Text-to-region grounding data:

_ _ _ _ _ _ _

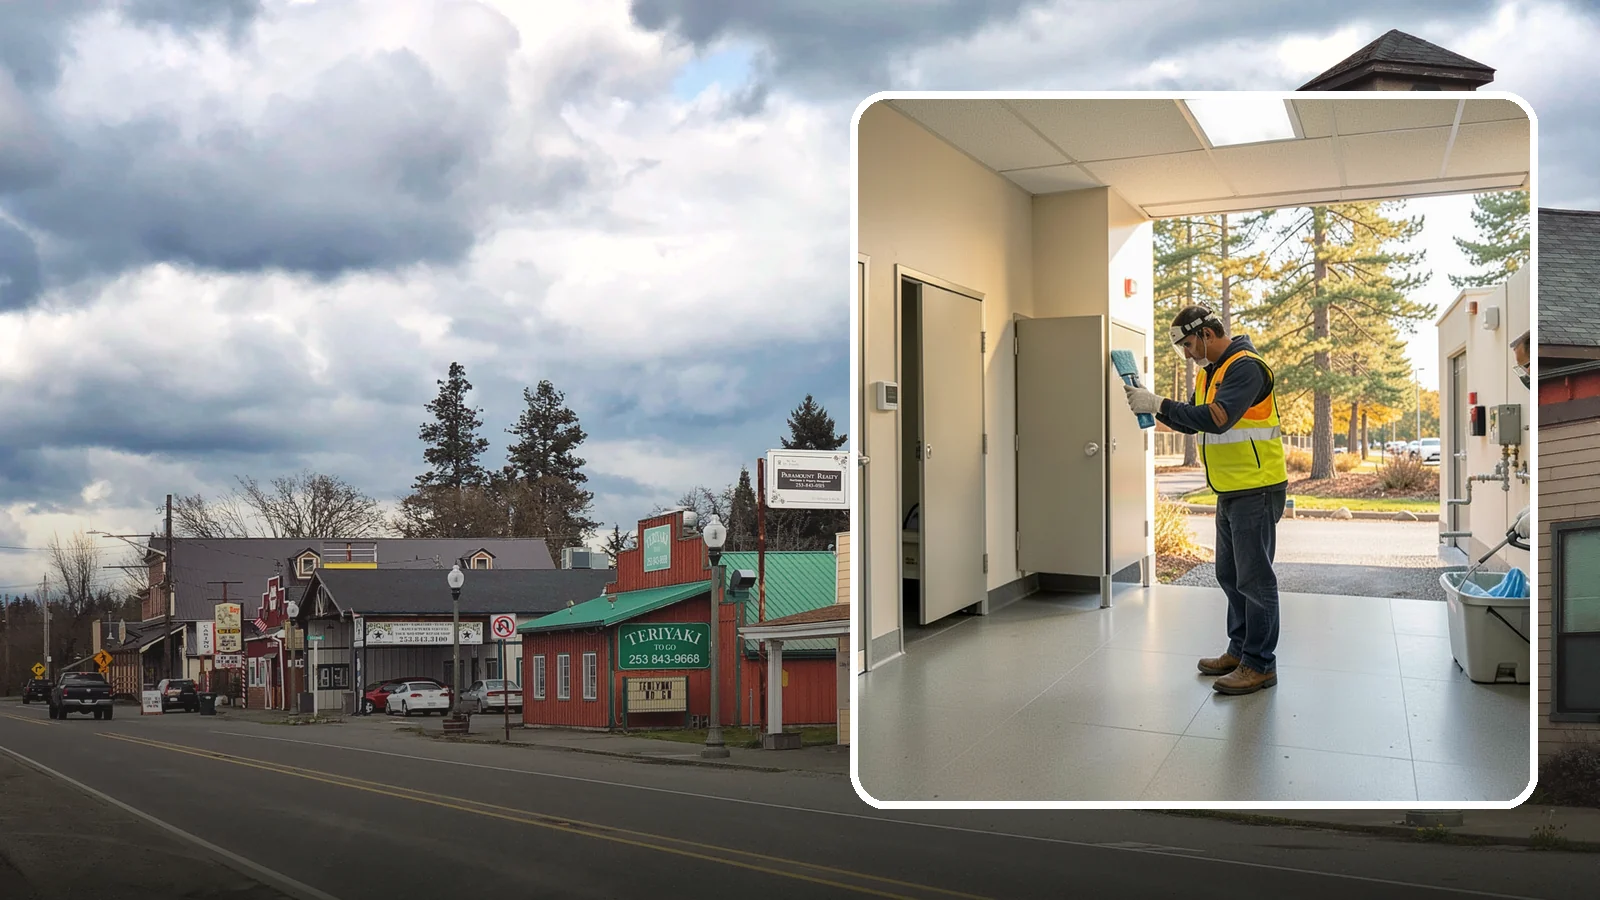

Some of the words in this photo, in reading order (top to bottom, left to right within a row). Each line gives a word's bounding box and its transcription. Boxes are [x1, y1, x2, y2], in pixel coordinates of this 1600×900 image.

[817, 472, 839, 480] REALTY
[625, 627, 702, 646] TERIYAKI
[628, 654, 648, 664] 253
[651, 654, 700, 664] 843-9668
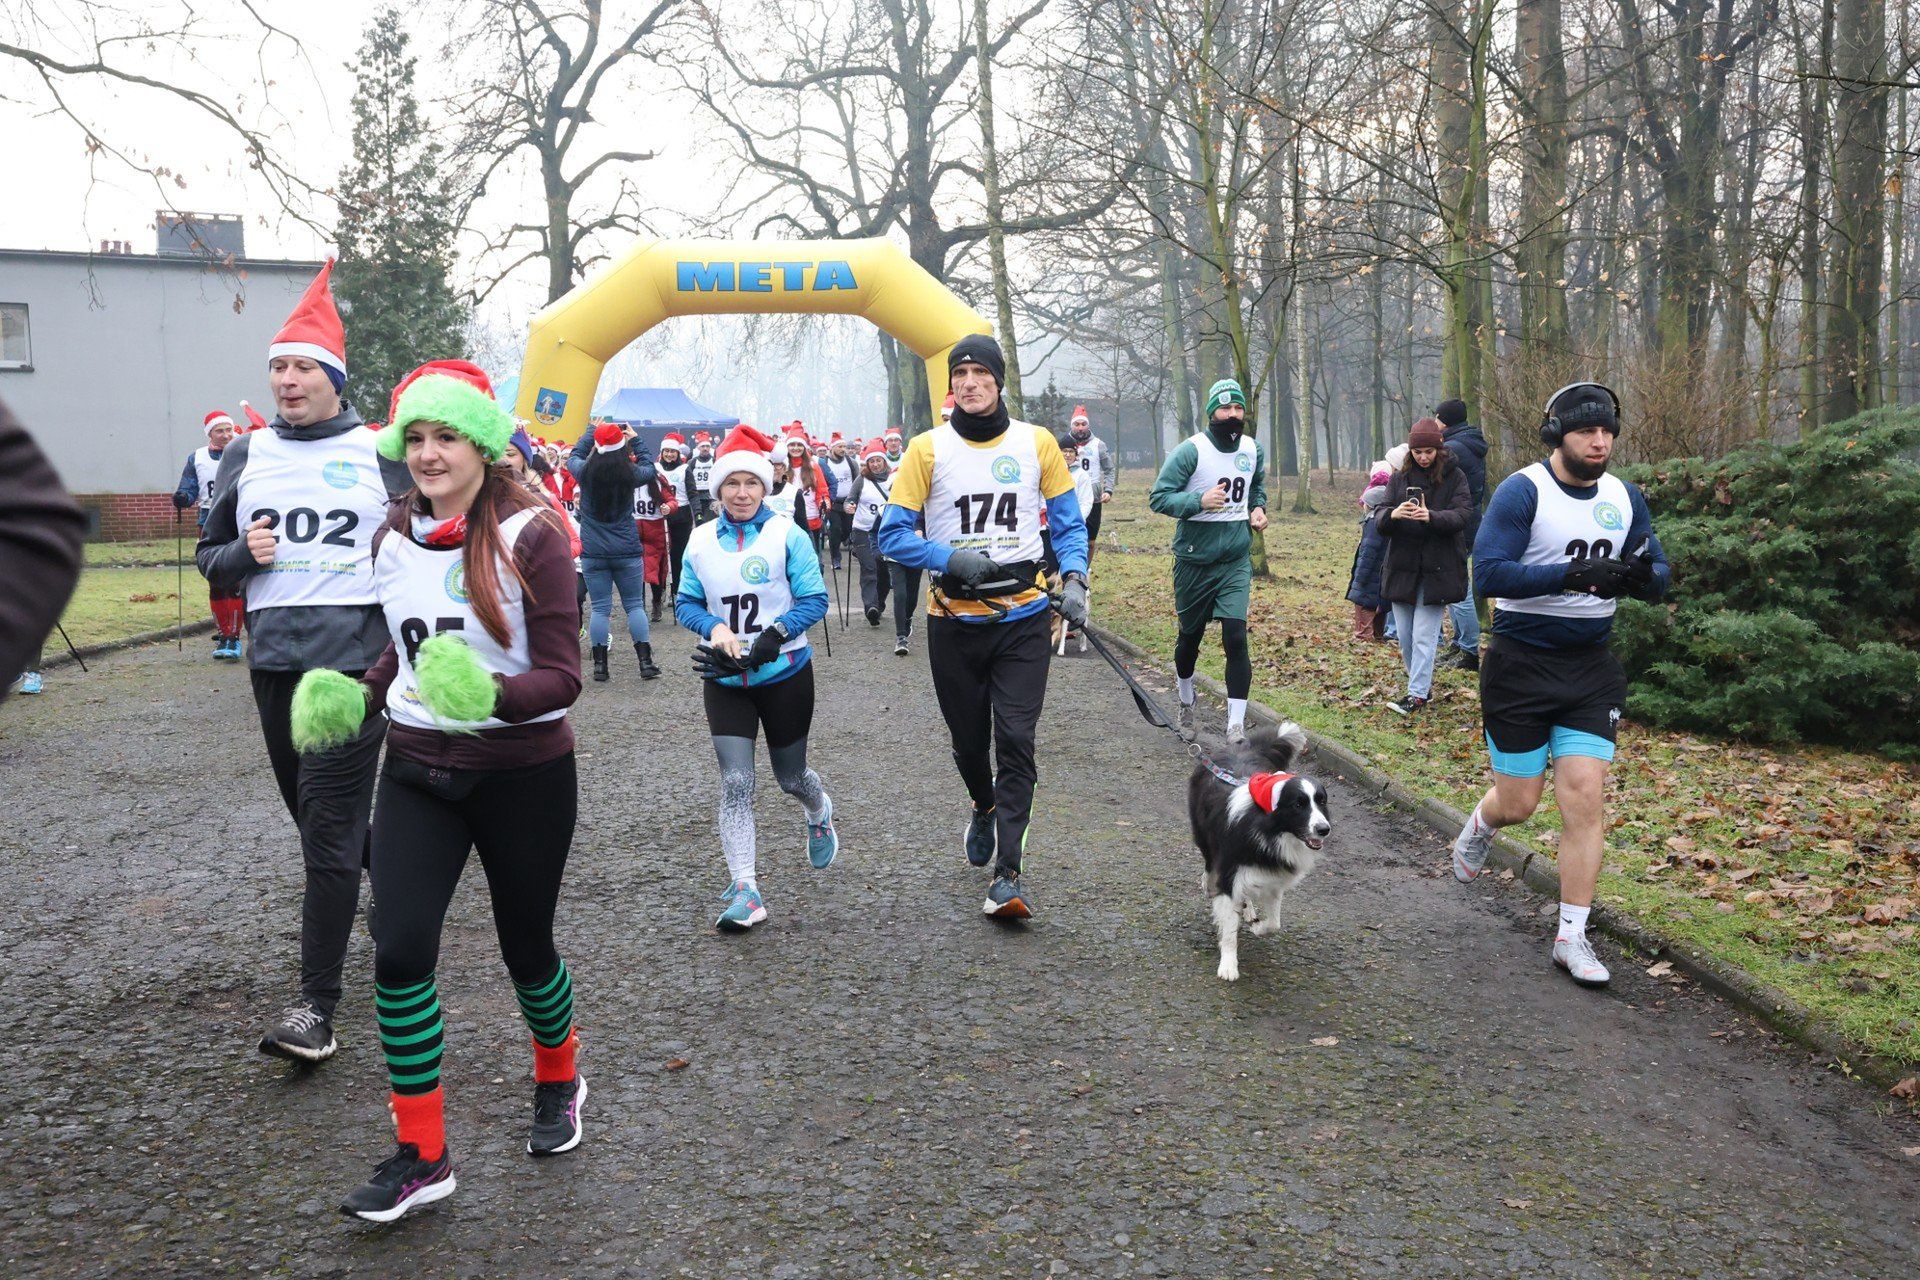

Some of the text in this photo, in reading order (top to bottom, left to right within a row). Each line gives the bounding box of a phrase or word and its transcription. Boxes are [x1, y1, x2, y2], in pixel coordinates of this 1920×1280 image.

[677, 261, 858, 292] META
[697, 472, 709, 482] 59
[1217, 477, 1245, 503] 28
[636, 500, 656, 515] 89
[954, 493, 1018, 534] 174
[251, 507, 359, 548] 202
[721, 593, 762, 634] 72
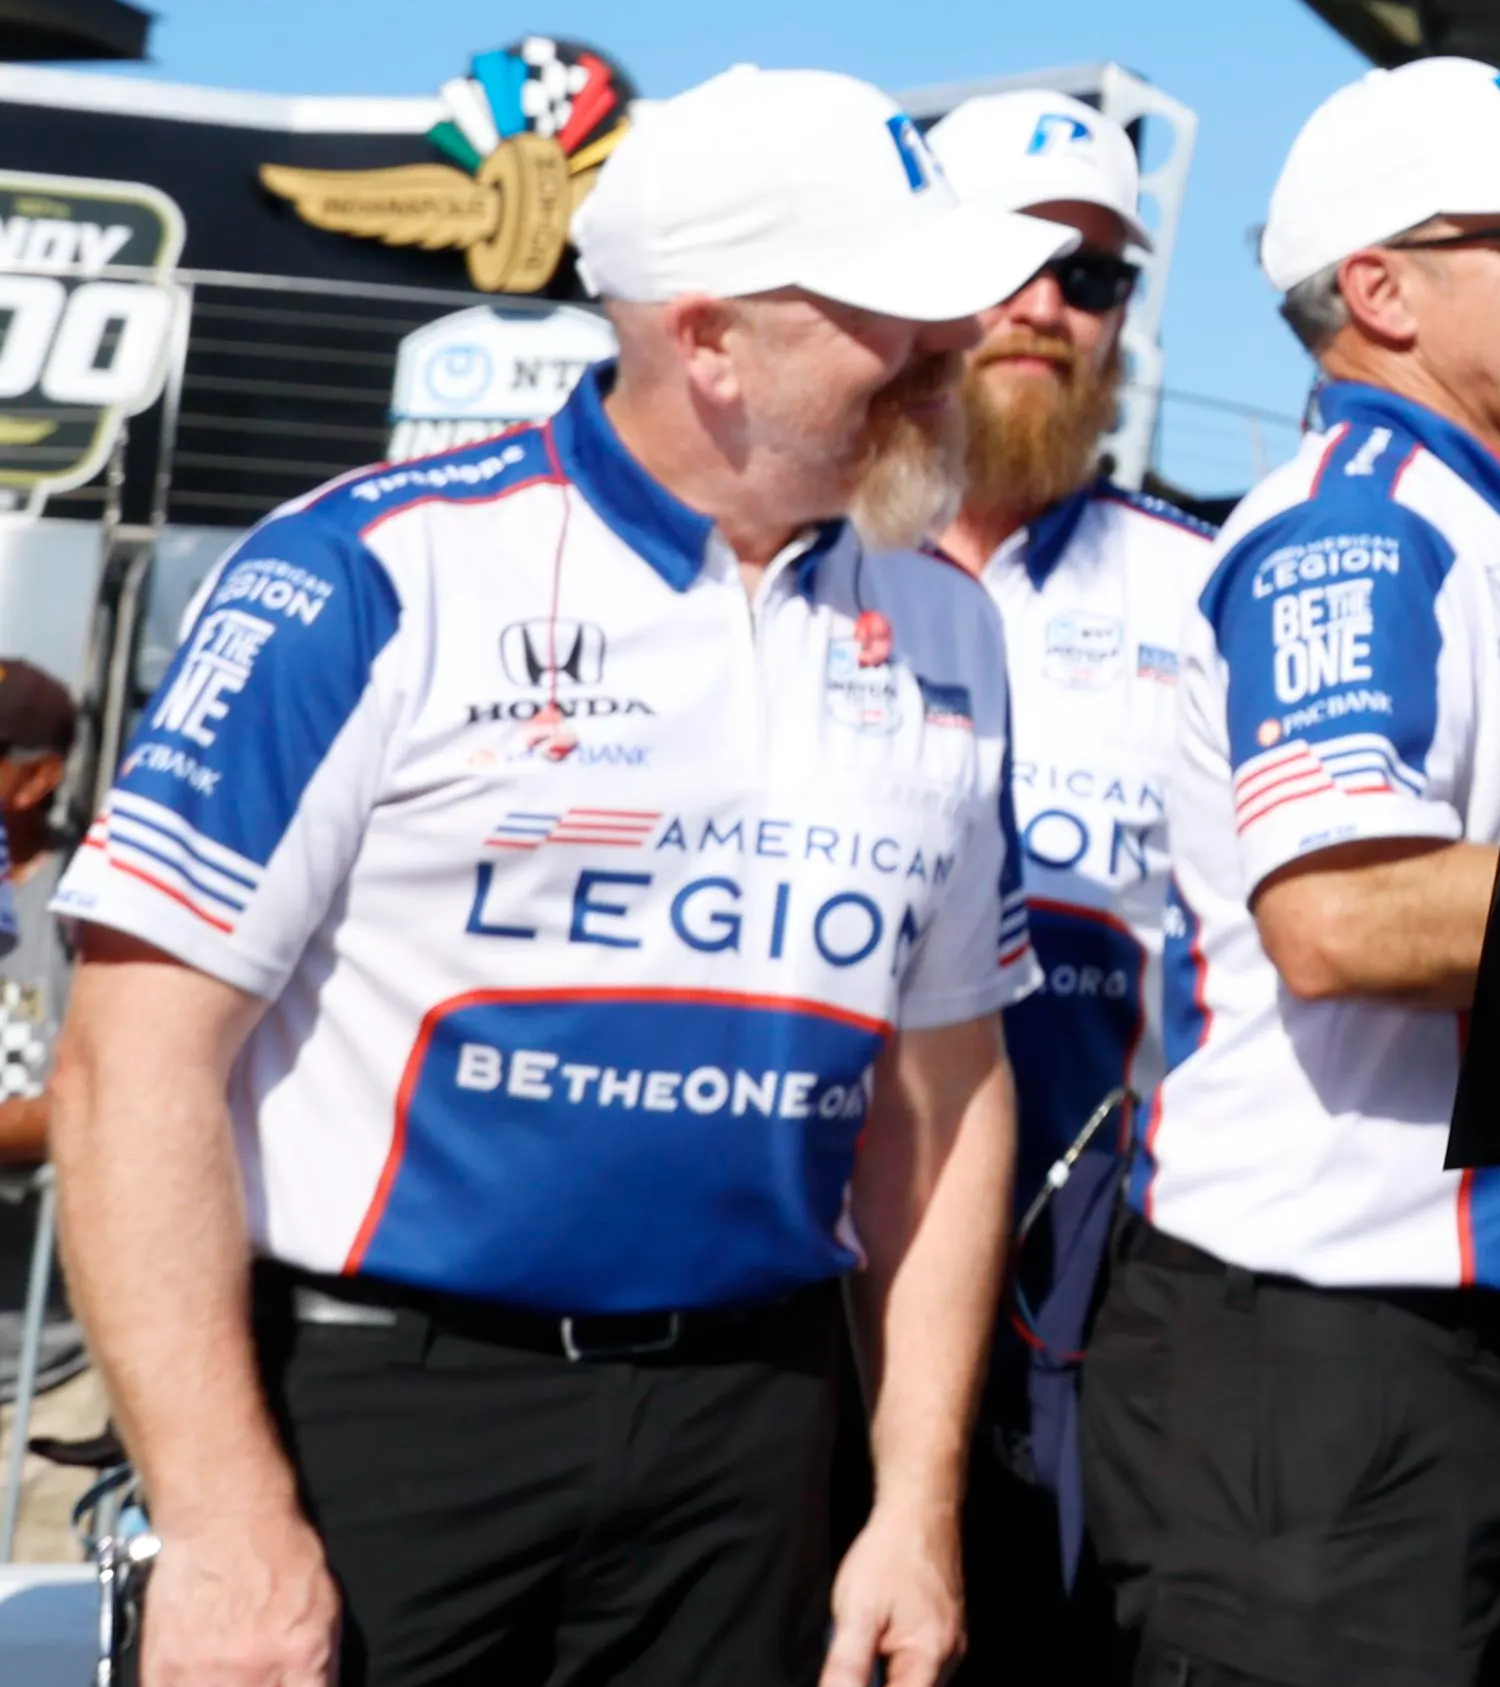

_ _ _ _ _ _ _

PROBLEM DETAILS:
Would you set down every line of the data above exactly, skipping the pictures?

ANSWER AREA:
Some of the words in this photo, in reading order (top to bottom, left to right within a row). Each line gives a word's bounding box and its transcription. Boxes are [x1, y1, x2, y2], in pixel coordinates of this 1600×900 image.

[817, 472, 839, 480] REALTY
[625, 627, 702, 646] TERIYAKI
[628, 654, 648, 664] 253
[651, 654, 700, 664] 843-9668

Some of the text in this photo, in reading order (top to bottom, left to right within a row). Each line gives the bounding box of a phrase or word and its transcription. Boxes are [x1, y1, x2, y2], in pixel coordinates of this 1920×1280 image.

[677, 261, 858, 292] META
[697, 472, 709, 482] 59
[1217, 477, 1245, 503] 28
[636, 500, 656, 515] 89
[954, 493, 1018, 534] 174
[251, 507, 359, 548] 202
[721, 593, 762, 634] 72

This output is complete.